This lacuna in the logic of FLOSS brings up the difference between ‘the common’,6 and ‘the commons’ of ‘movements’ such as the Creative Commons or FLOSS. The latter notion appears as a vast basin of things ready for consumption, facilitated by a commons constituted by law. The common takes on a somewhat different form. It does not concern individuals’ ability to consume, but focuses upon relations, life and production in common. These two notions are as different as the village and the castle on the mountain of which Kafka wrote.7

FLOSS appears as a somewhat ‘a-historical’ form of freedom, in the sense that its logic locates its particular genealogy within a transcendental and ever present notion of foundational legal principle, rather than any material, historical or productive forces. Once read within a broader history of time machines – that is the quest for and development of both time coordination and time sharing, consolidated by the development of Unix – the freedom of FLOSS begins to appear in a different and more complex light than that promoted by its popular storytelling.

One noticeable theme in the history of time machines from the second half of the 19th century until today is how American notions of freedom, innovation and law feed into the global machine of sovereignty. Time coordination – the method of doing science that gave rise in part to the telecommunications infrastructure of modernity – appears as constitutive of a form of sovereignty and production that was confined within the bounds of the corporation and the nation state. Time sharing – the method of interactive communal computing – points to an escape from these bounds. There appears an interface in this history where disciplines and practices of science, academia, law, military, sovereignty, governance, technology and mythology all become imbricated in each other.
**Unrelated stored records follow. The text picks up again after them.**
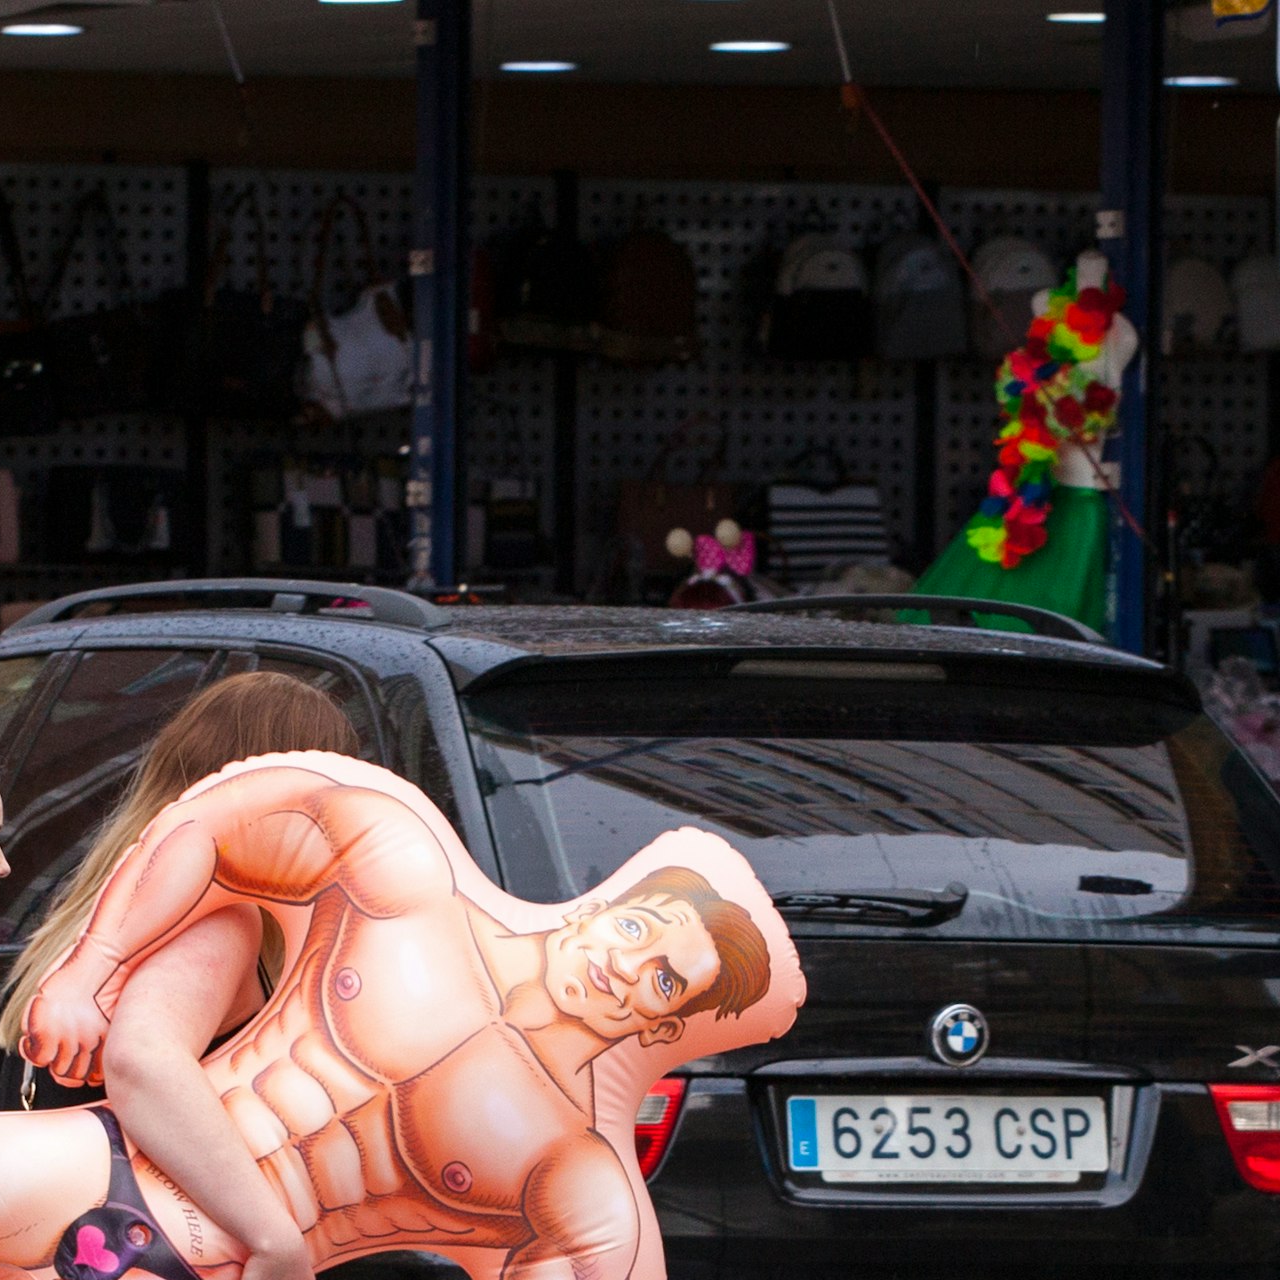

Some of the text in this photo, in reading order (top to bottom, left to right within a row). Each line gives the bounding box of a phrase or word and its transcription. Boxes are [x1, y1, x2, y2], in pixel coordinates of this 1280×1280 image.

[799, 1140, 810, 1156] E
[832, 1106, 1091, 1160] 6253 CSP
[145, 1162, 204, 1258] BLOW HERE
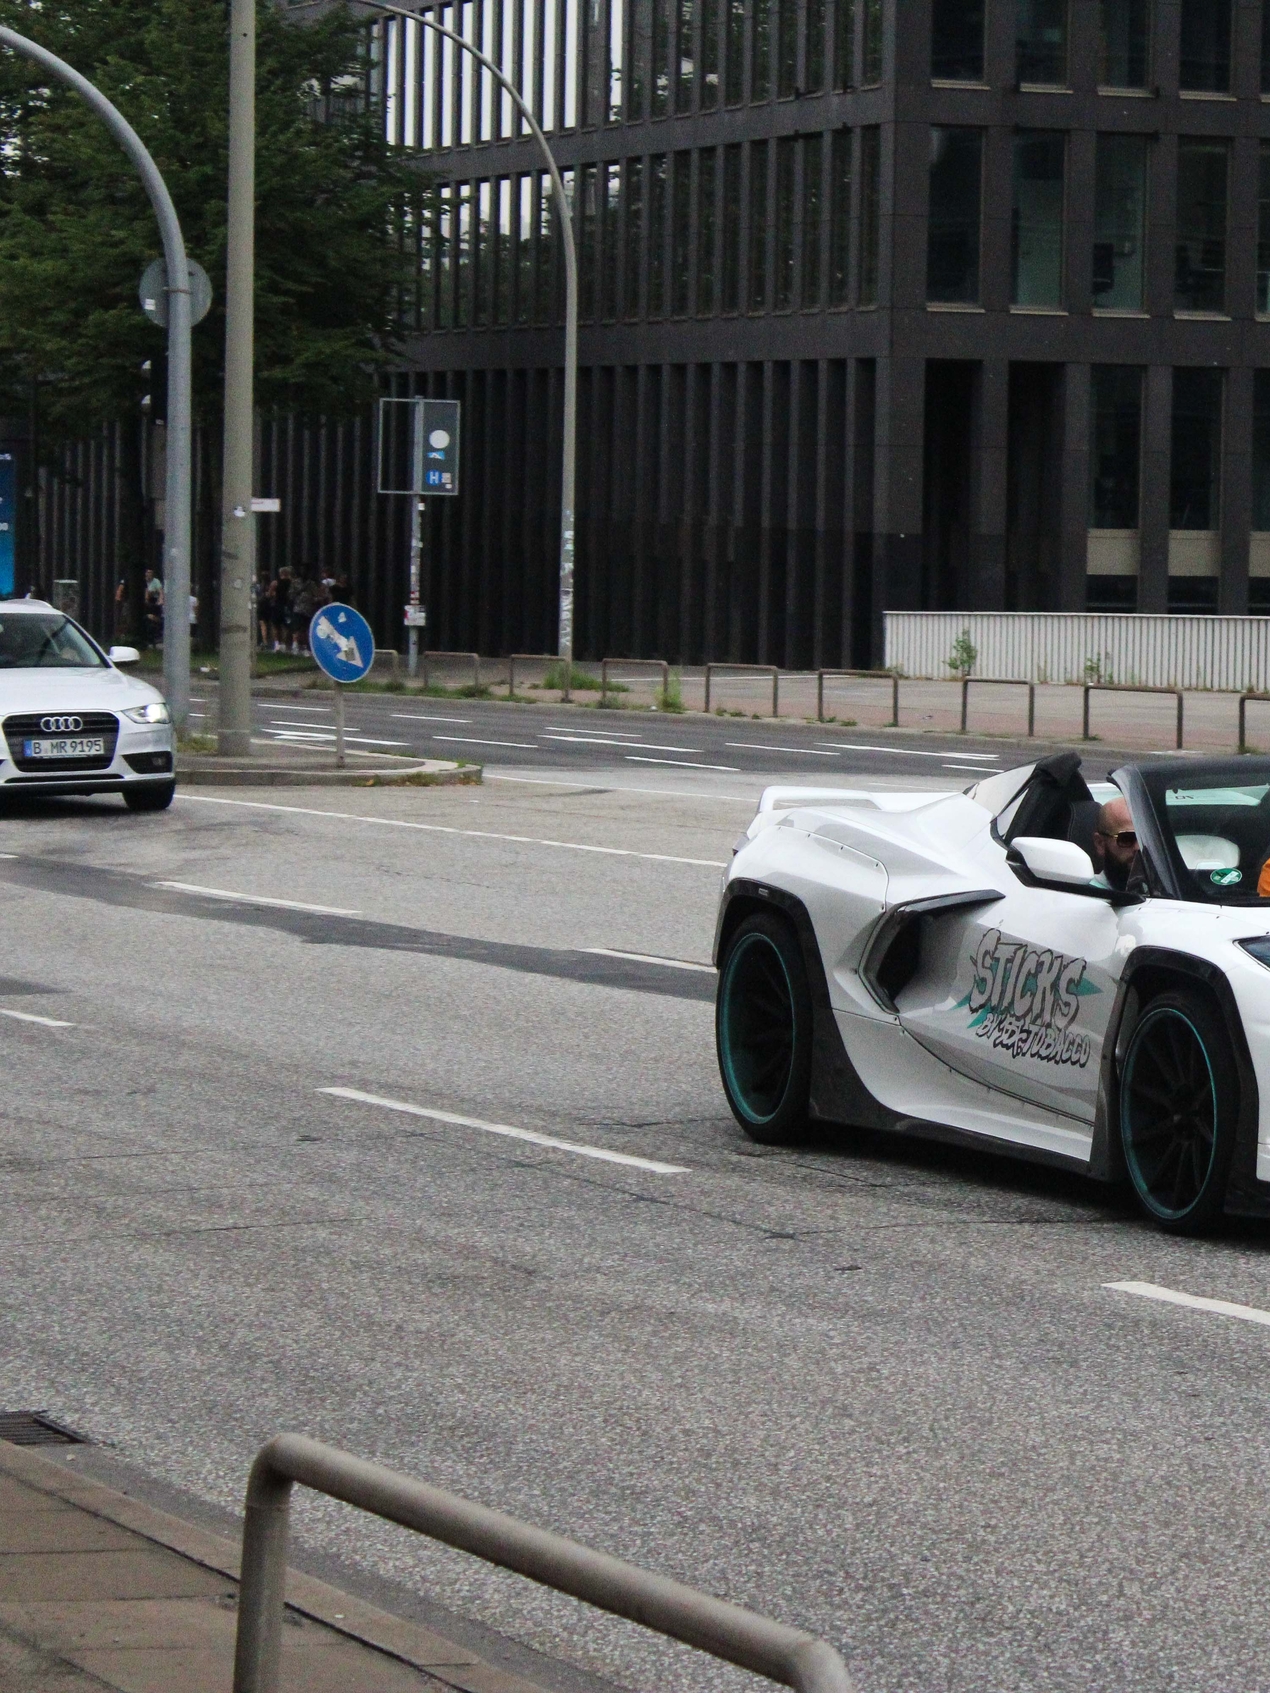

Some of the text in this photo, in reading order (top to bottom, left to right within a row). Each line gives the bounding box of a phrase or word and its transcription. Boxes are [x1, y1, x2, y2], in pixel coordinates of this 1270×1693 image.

[33, 740, 102, 754] B MR 9195
[969, 928, 1087, 1032] STICKS
Here, power relations seem exposed, but at the same time they are hidden by law, popular stories and rhetoric. The task of excavating these relations is at once social, political, philosophical, technological, scientific and legal, therefore a biopolitical matter. This mixture appears as ‘critical opalescence’– the point at which water and vapour no longer appear stable but flash back and forth between each other.8 Critical opalescence is more than a mere metaphor. This is the consistent terrain on which we must seek to locate that elusive positive possibility: ‘an ambiguous and uncertain zone’, ‘where law and fact seem to become undecidable.’9 THE LOGIC AND RHETORIC OF FREEDOM Considering FLOSS within this zone, two primary conditions are exposed. On one hand, there are the technical conditions, the standards, that are necessary for the perpetuation of the particular technological, informational and communications infrastructure. On the other hand, these wires transmit a rhetoric and logic that purports to be counter cultural or a ‘social movement’, based upon the alternative use of legal principles. On investigation, this ‘social movement’ appears as broadly constructive of the imperial regime and its pursuance of the creation and sustenance of global market conditions.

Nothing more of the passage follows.